Critical Roles of the Histone Methyltransferase MLL4/KMT2D in Murine Hepatic Steatosis Directed by ABL1 and PPARγ2

The pathophysiologic continuum of non-alcoholic fatty liver disease begins with steatosis. Despite recent advances in our understanding of the gene regulatory program directing steatosis, how it is orchestrated at the chromatin level is unclear. PPAR gamma 2 is a hepatic steatotic transcription factor induced by overnutrition.

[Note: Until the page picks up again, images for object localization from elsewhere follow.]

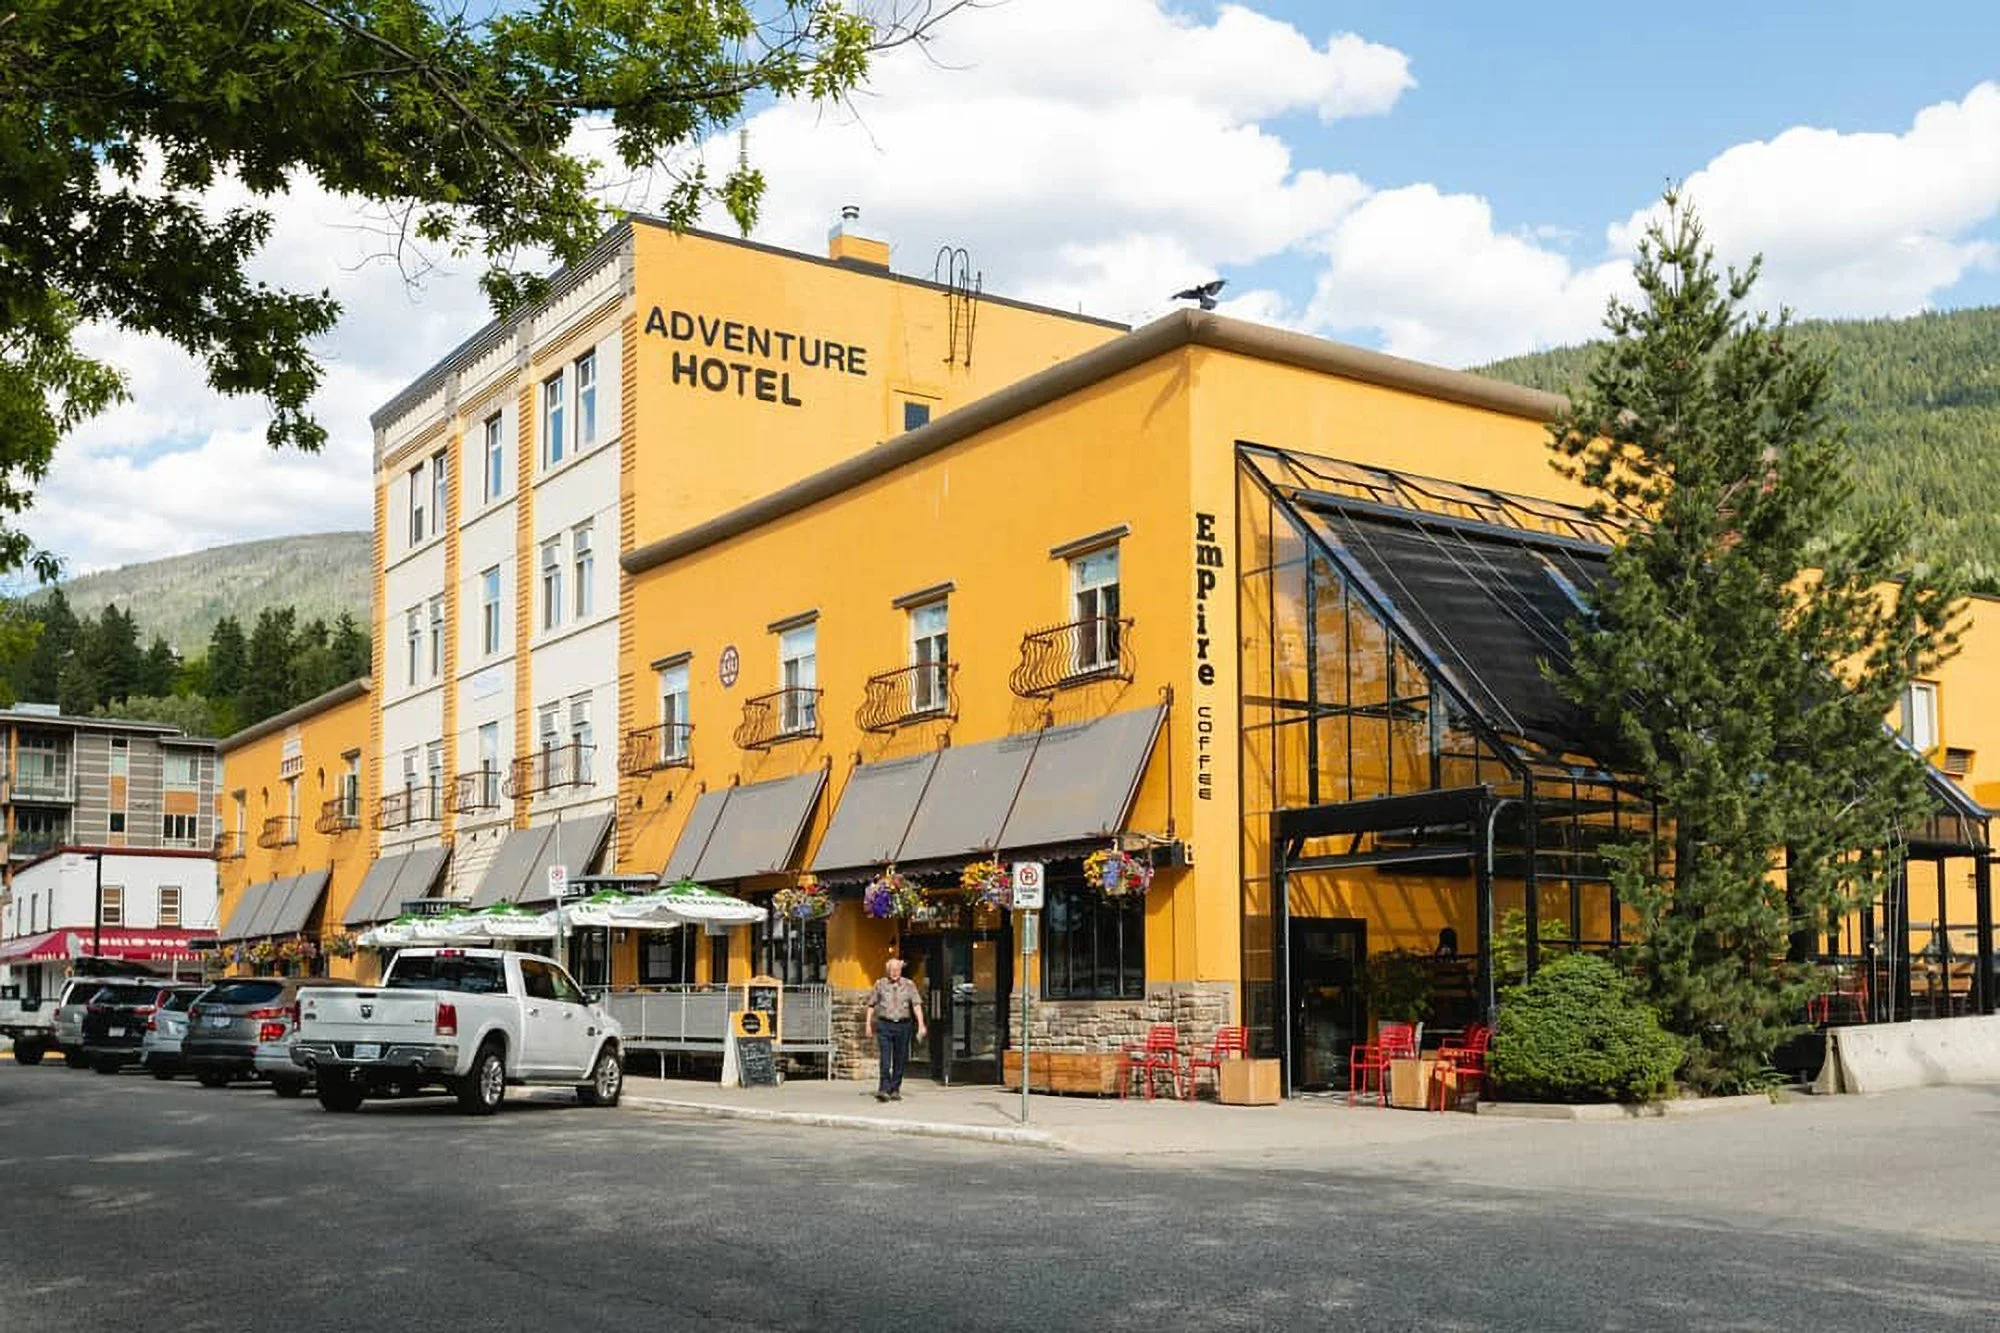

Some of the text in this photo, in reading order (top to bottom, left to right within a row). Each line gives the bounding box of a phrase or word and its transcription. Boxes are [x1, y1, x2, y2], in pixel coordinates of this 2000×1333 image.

[644, 305, 867, 376] ADVENTURE
[672, 351, 802, 407] HOTEL
[1195, 511, 1224, 687] Empire
[1197, 706, 1213, 801] COFFEE
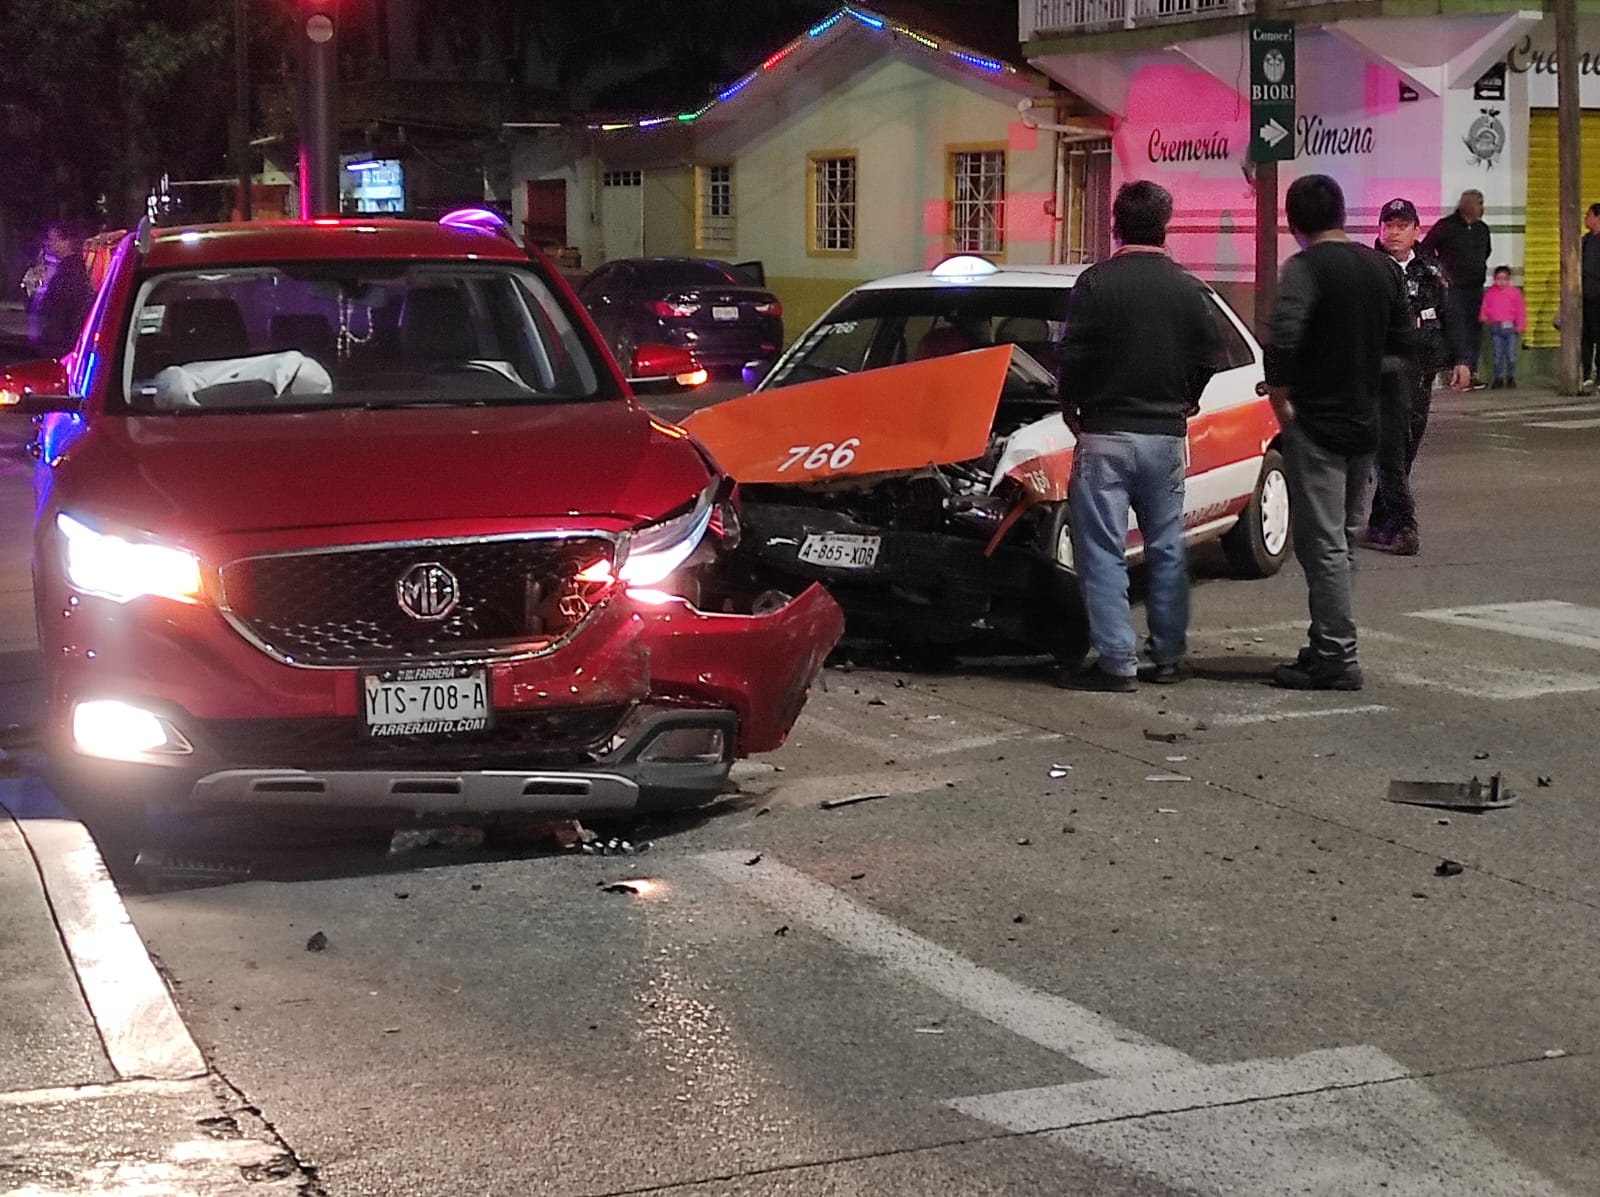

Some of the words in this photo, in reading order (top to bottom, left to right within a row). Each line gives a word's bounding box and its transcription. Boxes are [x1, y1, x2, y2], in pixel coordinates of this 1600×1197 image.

[1507, 34, 1600, 76] Cre
[1148, 128, 1230, 163] Cremería
[1296, 115, 1375, 158] Ximena
[777, 437, 861, 472] 766
[404, 568, 453, 615] MG
[367, 683, 485, 716] YTS-708-A
[371, 718, 486, 737] FARRERAUTO.COM

Here, we report that the histone H3 lysine 4 methyltransferase MLL4/KMT2D directs overnutrition-induced murine steatosis via its coactivator function for PPAR gamma 2. We demonstrate that overnutrition facilitates the recruitment of MLL4 to steatotic target genes of PPAR gamma 2 and their transactivation via H3 lysine 4 methylation because PPAR gamma 2 phosphorylated by overnutrition-activated ABL1 kinase shows enhanced interaction with MLL4. We further show that Ppar gamma 2 (encoding PPAR gamma 2) is also a hepatic target gene of ABL1-PPAR gamma 2-MLL4. Consistently, inhibition of ABL1 improves the fatty liver condition of mice with overnutrition by suppressing the pro-steatotic action of MLL4. Our results uncover a murine hepatic steatosis regulatory axis consisting of ABL1-PPAR gamma 2-MLL4, which may serve as a target of anti-steatosis drug development.